Uapou

Scientific classification
- Kingdom: Animalia
- Phylum: Arthropoda
- Subphylum: Chelicerata
- Class: Arachnida
- Order: Araneae
- Infraorder: Araneomorphae
- Family: Linyphiidae
- Genus: Uapou Berland, 1935
- Species: U. maculata
- Binomial name: Uapou maculata Berland, 1935

= Uapou =

- Authority: Berland, 1935
- Parent authority: Berland, 1935

Monotypic genus of spiders

Uapou is a monotypic genus of South Pacific sheet weaver spiders containing the single species, Uapou maculata. It was first described by Lucien Berland in 1935, and is found on Ua Pou, one of the Marquesas Islands.

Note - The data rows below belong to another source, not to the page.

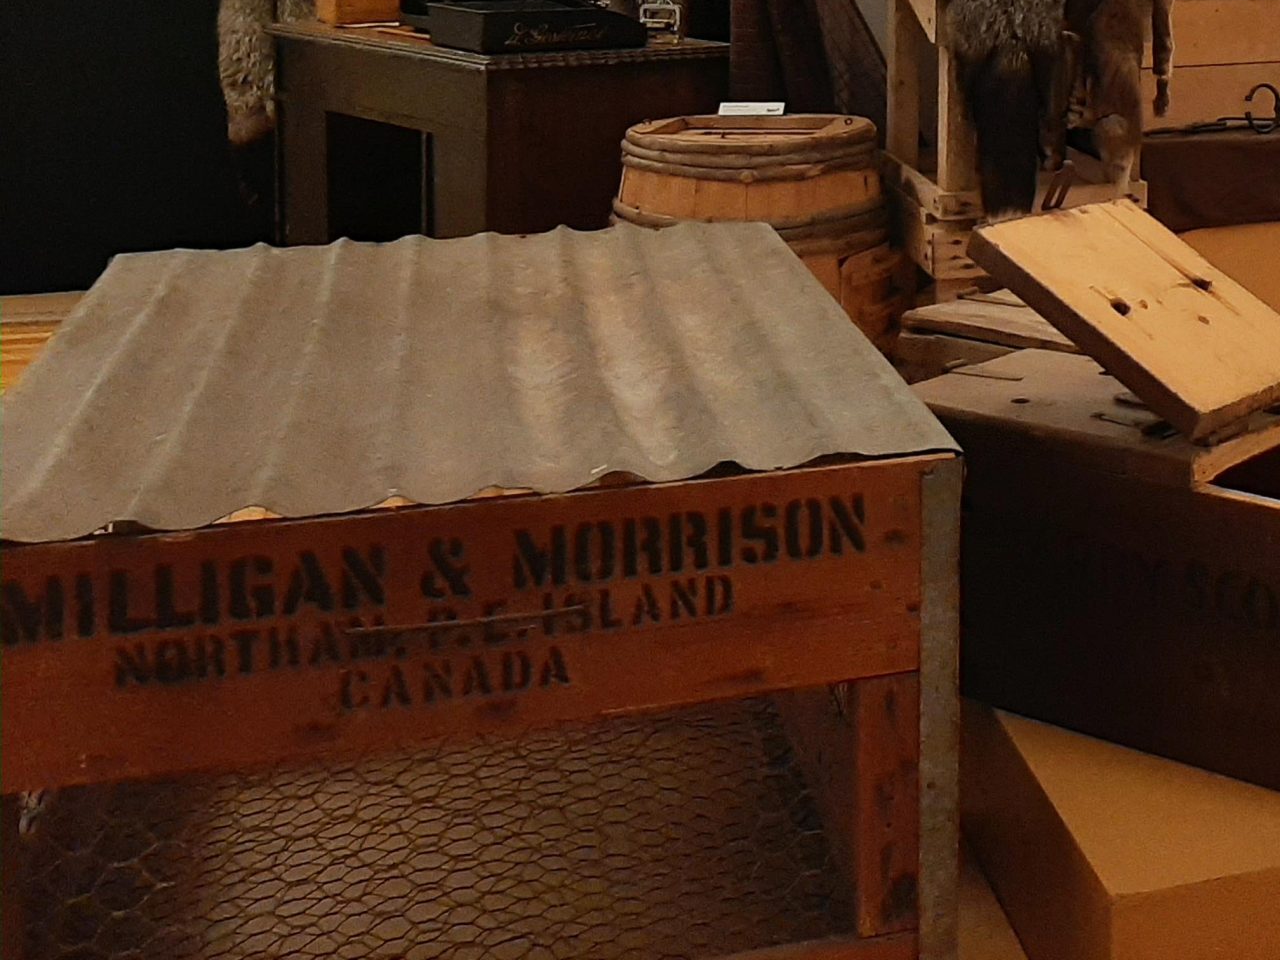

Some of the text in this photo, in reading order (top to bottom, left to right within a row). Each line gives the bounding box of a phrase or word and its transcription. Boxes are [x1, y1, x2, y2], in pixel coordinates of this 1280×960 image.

[0, 493, 867, 648] MILLIGAN & MORRISON
[542, 574, 735, 637] ISLAND
[340, 644, 571, 711] CANADA
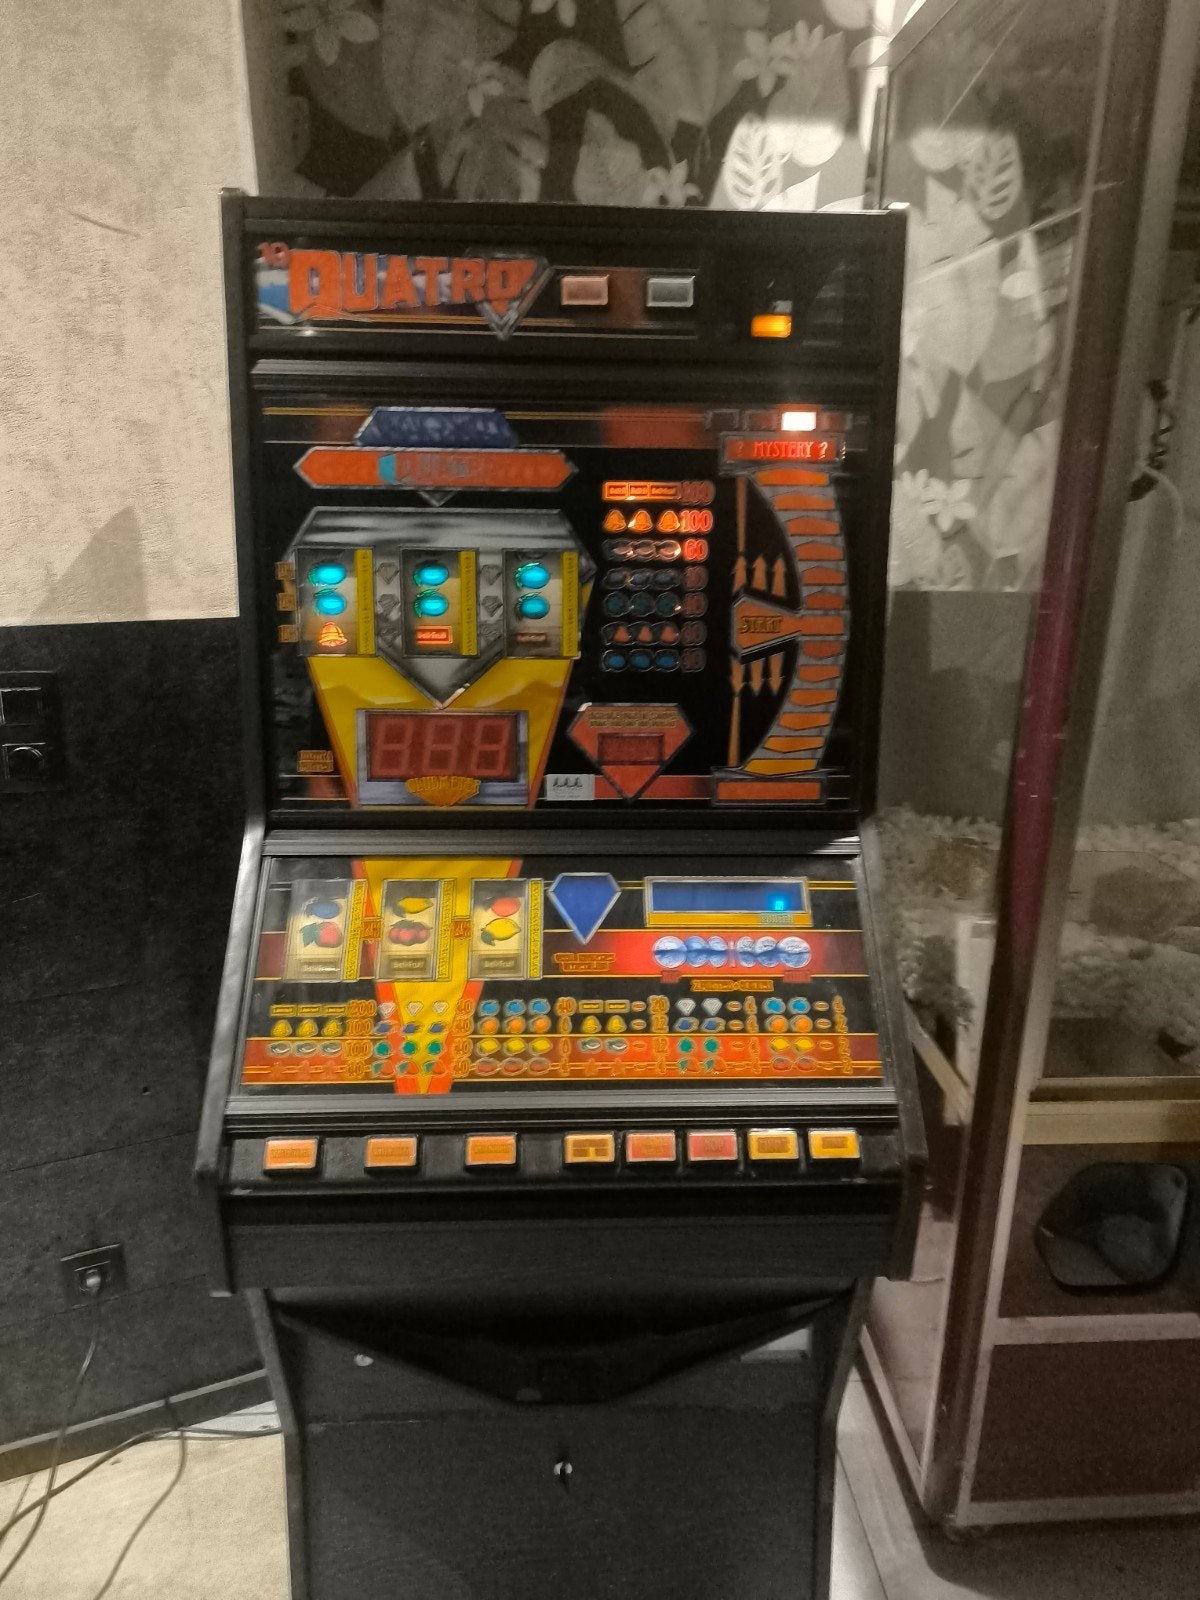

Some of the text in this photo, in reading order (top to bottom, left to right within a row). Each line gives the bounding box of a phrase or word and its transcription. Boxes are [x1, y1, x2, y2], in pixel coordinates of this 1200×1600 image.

[288, 249, 537, 320] QUATRO
[753, 441, 813, 458] MYSTERY
[680, 510, 713, 533] 100

It was transferred to the family Symphytognathidae by H. W. Levi in 1972, but this was rejected by Brignoli in 1980. The World Spider Catalog places it in the family Linyphiidae.

==Nomenclature==
The genus is named after the island Ua Pou on the Marquesas Islands. The describer, Lucien Berland, named several genera after islands in the Pacific Ocean during the 1930s, including Uahuka and Nukuhiva. The species name is derived from Latin maculata, meaning "spotted".